February 24, 2008

Browser version targeting: grief or no?

For those of us who build websites, the upcoming Microsoft browser version targeting issue is something to take note of. This is a development in the upcoming Internet Explorer 8 that will allow you to specify which browser(s) a website is designed for.

As Jeffrey Zeldman wrote at AListApart.com in Version Targeting: Threat or Menace?:

I'd like to live in a world where … version targeting wasn't needed. Designing with web standards ought to be enough, and anyone who works on websites should know how to do it. Browsers ought to have near-perfect standards compliance by now, and if they don't, their manufacturers should switch to folk music.

… To understand version targeting — which we ought to try to do, since Microsoft intends to implement it and hopes at least some of us will opt in — let us examine two different sets of customers that Microsoft's browser must satisfy.

I recommend the article because it explains the whys and wherefores pretty easily. And because, apparently, the only way to opt out is to opt in.

Why couldn't Microsoft have just stuck to displaying according to DOCTYPE — and, in the absence of a proper DOCTYPE, switch to quirks mode? Well, as Jeffrey puts it:

The DOCTYPE switch once allowed browser makers to properly support standards-based design while not "breaking" ineptly authored sites. But as The Web Standards Project's Aaron Gustafson explained in Issue No. 251, the presence of a complete DOCTYPE in the head of an (X)HTML document no longer reliably indicates that the developer knew what she was doing and the page should be rendered in standards mode.

I haven't been crazy about the idea of version targeting because it's just one more weird thing we have to implement. I had hoped that, with more and more adoption of Web Standards by browser makers, paying attention to browser quirks would, over time, just go away.

But this versioning thing is not just going to go away — and, it's up to those of us who don't want sites to be thrown into quirks mode to use it. Again, from Jeffrey:

If IE8 acts like IE8 by default, then IE8 might break group two's websites (and not just break them in quotes: we're talking about scripting, here). Breaking millions of sites is unacceptable to Microsoft's brass and to the creators of those websites. It's to prevent that breakage that Microsoft's browser developers came up with the new switch. To do its job, the new switch must work the same way the DOCTYPE switch originally worked: namely, it is activated when knowledgeable developers opt in; otherwise it is off by default.

With DOCTYPE switching, "off by default" means "in (non-standards) quirks mode." With version targeting it means "the same way IE7 rendered this content." The behavior is the same in both cases: if you want improved rendering, you opt in.
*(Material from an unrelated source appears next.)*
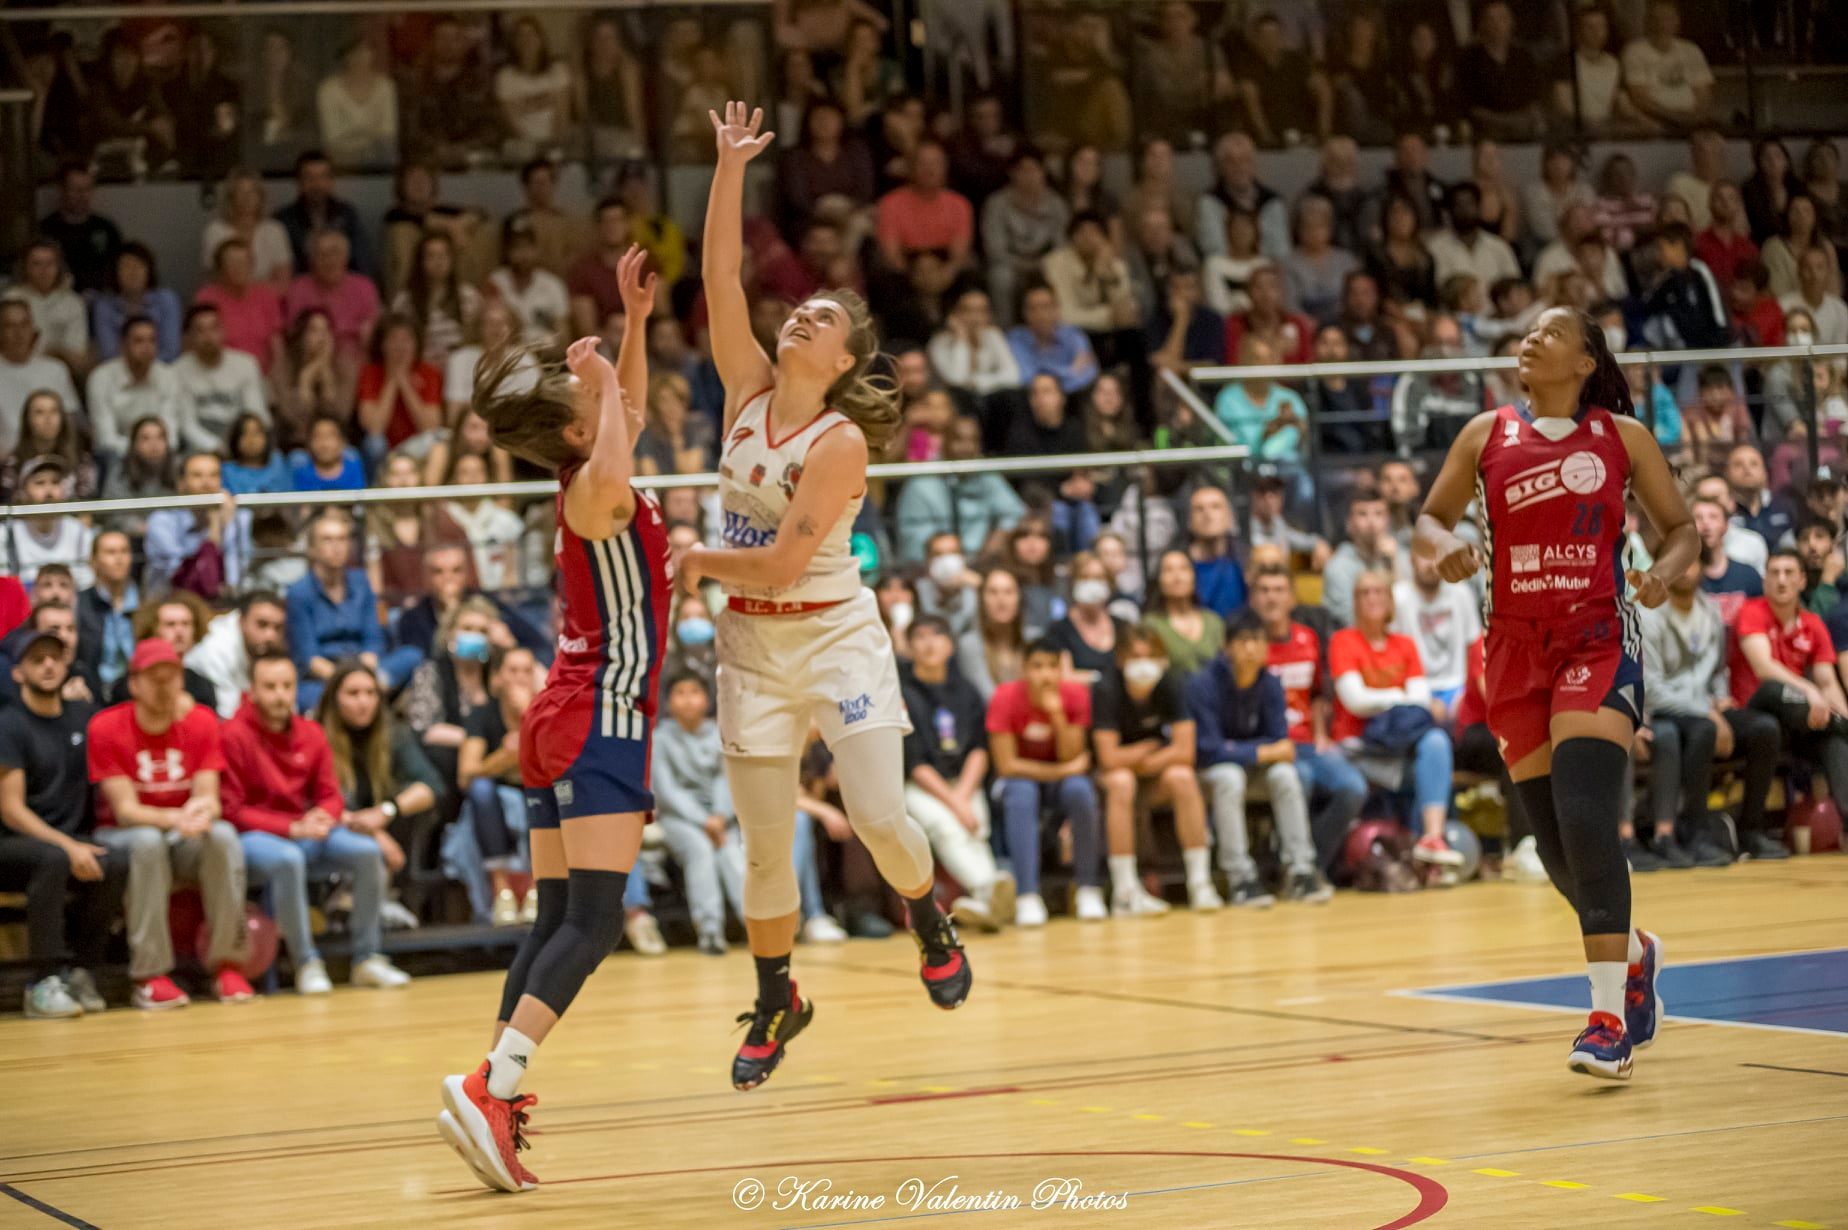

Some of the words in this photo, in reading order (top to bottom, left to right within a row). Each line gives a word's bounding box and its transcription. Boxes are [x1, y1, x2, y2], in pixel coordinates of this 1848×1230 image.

So, on the other hand, most of us who have been building websites for a while have undoubtedly experienced the unwelcome discovery that a site designed earlier displays poorly in new(er) browsers — and that could happen no matter what coding you've used. So this could be a nice feature that could enable you to assign display type to a specific browser.

I do wonder, however, how Microsoft is going to pull this off: do they build the various display types right into the browser? If so, may we expect amazing bloat? Or will we — and those of us who are dragged kicking and screaming into using version targeting — have a happy discovery?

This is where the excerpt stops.